Updated: Dec 2, 2021


A fence smote me a few weeks ago. I’m glad I was on my way back from a long bike ride, only because otherwise I wouldn’t even have had the chance to enjoy my bike ride. It had been a glorious morning, and I was biking with a very good friend.


I carefully selected the word smote because the action felt vengeful and ancient, like something out of the Old Testament. By the way, Old Testament is a Christian-centered term. Jews call it the Bible. The most woke term is the Hebrew Scriptures.


(Ugh. No. I just can’t use the word woke that way. It’s not for me. You won’t read it again from me, unless I’m using it as the past tense of wake.)


But the word smite and its past tense smote are perfect for this situation. Just the words I want. I do find its past perfect imperfect because it’s smitten.
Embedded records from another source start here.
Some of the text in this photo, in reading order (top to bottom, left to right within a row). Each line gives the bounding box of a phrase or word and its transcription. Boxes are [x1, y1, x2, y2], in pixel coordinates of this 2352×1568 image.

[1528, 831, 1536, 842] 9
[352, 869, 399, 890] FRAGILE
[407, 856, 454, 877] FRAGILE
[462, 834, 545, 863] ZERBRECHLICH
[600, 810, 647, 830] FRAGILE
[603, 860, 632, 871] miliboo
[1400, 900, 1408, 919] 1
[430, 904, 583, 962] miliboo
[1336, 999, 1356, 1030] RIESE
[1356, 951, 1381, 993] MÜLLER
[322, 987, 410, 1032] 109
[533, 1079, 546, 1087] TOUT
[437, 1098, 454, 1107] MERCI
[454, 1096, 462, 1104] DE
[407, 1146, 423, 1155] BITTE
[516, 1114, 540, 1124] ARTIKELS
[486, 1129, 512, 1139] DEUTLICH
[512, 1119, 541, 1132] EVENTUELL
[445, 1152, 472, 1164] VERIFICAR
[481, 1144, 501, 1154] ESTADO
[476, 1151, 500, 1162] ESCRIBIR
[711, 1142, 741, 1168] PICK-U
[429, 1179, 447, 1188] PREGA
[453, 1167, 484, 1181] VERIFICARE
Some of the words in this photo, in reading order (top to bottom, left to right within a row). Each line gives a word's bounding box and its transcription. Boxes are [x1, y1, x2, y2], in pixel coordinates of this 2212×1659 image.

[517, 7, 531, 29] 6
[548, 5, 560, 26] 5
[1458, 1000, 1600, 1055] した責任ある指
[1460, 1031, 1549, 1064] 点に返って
As in, I was smitten by the fence. That gives entirely the wrong idea, I assure you.


I had ridden my bike by the smiting fence dozens of times over the past year or so, on my way east to the San Francisco Bay Trail, and then on my way west to get home. It’s a chain-link fence that hugs a slightly bumpy neighborhood bike path. It hugs the path rather tightly, and I had thought that meant it was an affectionate fence. I assumed the fence liked me, or at least was okay with me. It wasn’t. All along it had been plotting to smite me.


Right at the smiting spot, the path takes a sharpish turn, and the fence is on the inside of the turn. In the past couple of months, green fabric was added to the fence because some construction was going on behind it, in the commercial buildings owned by a company whose flagship buildings tower over my town, but which is probably about to move to a more corporate-friendly state. Clearly it was secret construction, because the green fabric was perfectly opaque and covered the entire height and length of the fence, say ten feet by many hundreds of feet. Even when the opaque green fabric was added, I still didn’t suspect a thing.


Ah, the innocence of few-weeks-ago me.


Some days I rode alone, and some days with my husband, but on the day of the smiting I was riding with my close friend, an excellent cyclist whose even greater strengths lie in pointing out the beauty around us and the joy within us. I’m going to call her Lee to conceal her true identity from the fence. I don’t want it to go after her next.


On this glorious day, Lee and I were on the return trip past the fence when it smote me. I was closer to the fence than Lee, and we were talking companionably. Lee took care not to crowd me around the blind turn. She’s present and conscientious that way.


That day the fence didn’t want Lee. It wanted me. It jumped out and smote me from the side. Scared the heck out of Lee and wrecked my back a little. I also hit my head, but thanks to my husband, the ol' noggin was protected by the newest, finest helmet technology. I’m thinking of doing a testimonial for the company that made it, Giant.


A few dazed seconds later I took stock of my post-smite condition, and assured Lee I was more or less OK. Then she did the best thing ever. Something that made the smiting very close to worthwhile to me, for this island of a person that I am.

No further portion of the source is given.